Once a buyer has negotiated a deal and secured the necessary financing, he or she is ready for the due diligence phase of the sale. The serious buyer will have retained an accounting firm to verify inventory, accounts receivable and payables; and retained a law firm to deal with the legalities of the sale. What’s left for the buyer to do is to make sure that there are no “skeletons in the closet,” so he or she is not buying the proverbial “pig in a poke.”
The four main areas of concern are: business’ finances, management, buyer’s finances, and marketing. Buyers are usually at a disadvantage as they may not know the real reason the business is for sale. This is especially true for buyers purchasing a business in an industry they are not familiar with. The seller, because of his or her experience in a specific industry, has probably developed a “sixth sense” of when the business has peaked or is “heading south.” The buyer has to perform the due diligence necessary to smoke out the real reasons for sale.
Business’ Finances: The following areas should be investigated thoroughly. Does the firm have good cash management? Do they have solid banking relations? Are the financial statements current? Are they audited? Is the company profitable? How do the expenses compare to industry benchmarks?
Management: For a good quick read on management, the buyer should observe if management is constantly interrupted by emergency telephone calls or requests for immediate decisions by subordinates? Is there a lot of change or turn-over in key positions? On the other hand, no change in senior management may indicate stagnation. Are the employees upbeat and positive?
Buyer’s Finances: Buyers should make sure that the “money is there.” Too many sellers take for granted that the buyer has the necessary backing. Sellers have a perfect right to ask the buyer to “show me the money.”
Marketing: Price increases may increase dollar sales, but the real key is unit sales. How does the business stack up against the competition? Market share is important. Does the firm have new products being introduced on a regular basis.

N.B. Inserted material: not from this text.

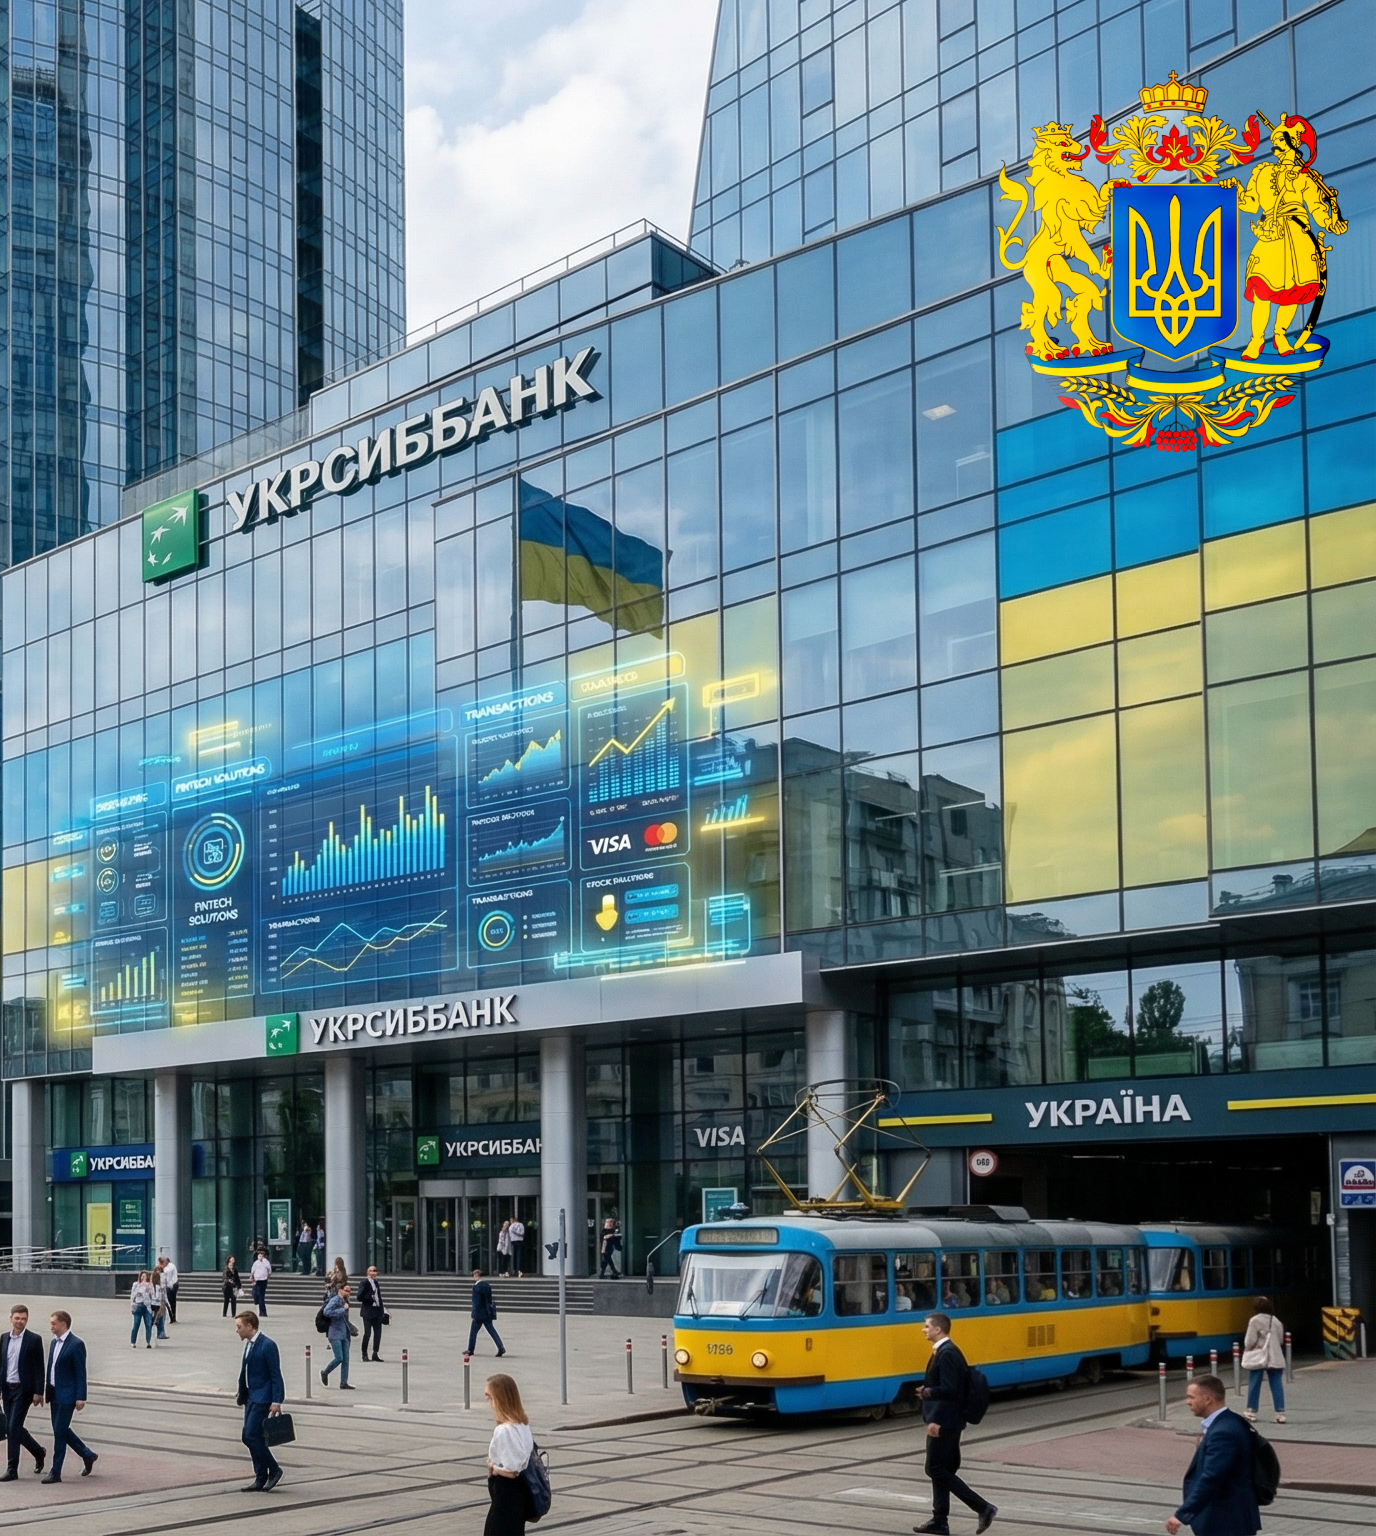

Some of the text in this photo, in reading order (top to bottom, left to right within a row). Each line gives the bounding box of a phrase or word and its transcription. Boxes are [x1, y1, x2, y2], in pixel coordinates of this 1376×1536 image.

By doing one’s homework and asking for the right information – and then verifying it, buying a “pig in the poke” can be avoided.Read More
“As shocking as it may sound, I believe that most owners of middle market private companies do not really know the value of their company and what it takes to create greater value in their company … Oh sure, the owner tracks sales and earnings on a regular basis, but there is much more to creating company value than just sales and earnings”
Russ Robb, Editor, M&A Today
Creating value in the privately held company makes sense whether the owner is considering selling the business, plans on continuing to operate the business, or hopes to have the company remain in the family. (It is interesting to note that, of the businesses held within the family, only about 30 percent survive the second generation, 11 percent survive the third generation and only 3 percent survive the fourth generation and beyond).
Building value in a company should focus on the following six components:
- the industry
- the management
- products or services
- comparative benchmarks
The Industry – It is difficult, if not impossible, to build value if the business is in a stagnating industry. One advantage of privately held firms is their ability to shift gears and go into a different direction. One firm, for example, that made high-volume, low-end canoes shifted to low-volume, high-end lightweight canoes and kayaks to meet new market demands. This saved the company.
The Management – Building depth in management and creating a succession plan also builds value. Key employees should have employment contracts and sign non-compete agreements. In situations where there are partners, “buy-sell” agreements should be executed. These arrangements contribute to value.
Products or Services– A single product or service does not build value. However, if additional or companion products or services can be created, especially if they are non-competitive in price with the primary product or service – then value can be created.
Customers – A broad customer base that is national or international is the key to increasing value. Localized distribution focused on one or two customers will subtract from value.
Competitors – Being a market leader adds significantly to value, as does a lack of competition.
Comparative Benchmarks – Benchmarks can be used to measure a company against its peers. The better the results, the greater the value of the company.
Three keys to adding value to a company are: building a top management team coupled with a loyal work force; strategies that are flexible and therefore can be changed in mid-stream; and surrounding the owner/CEO with top advisors and professionals.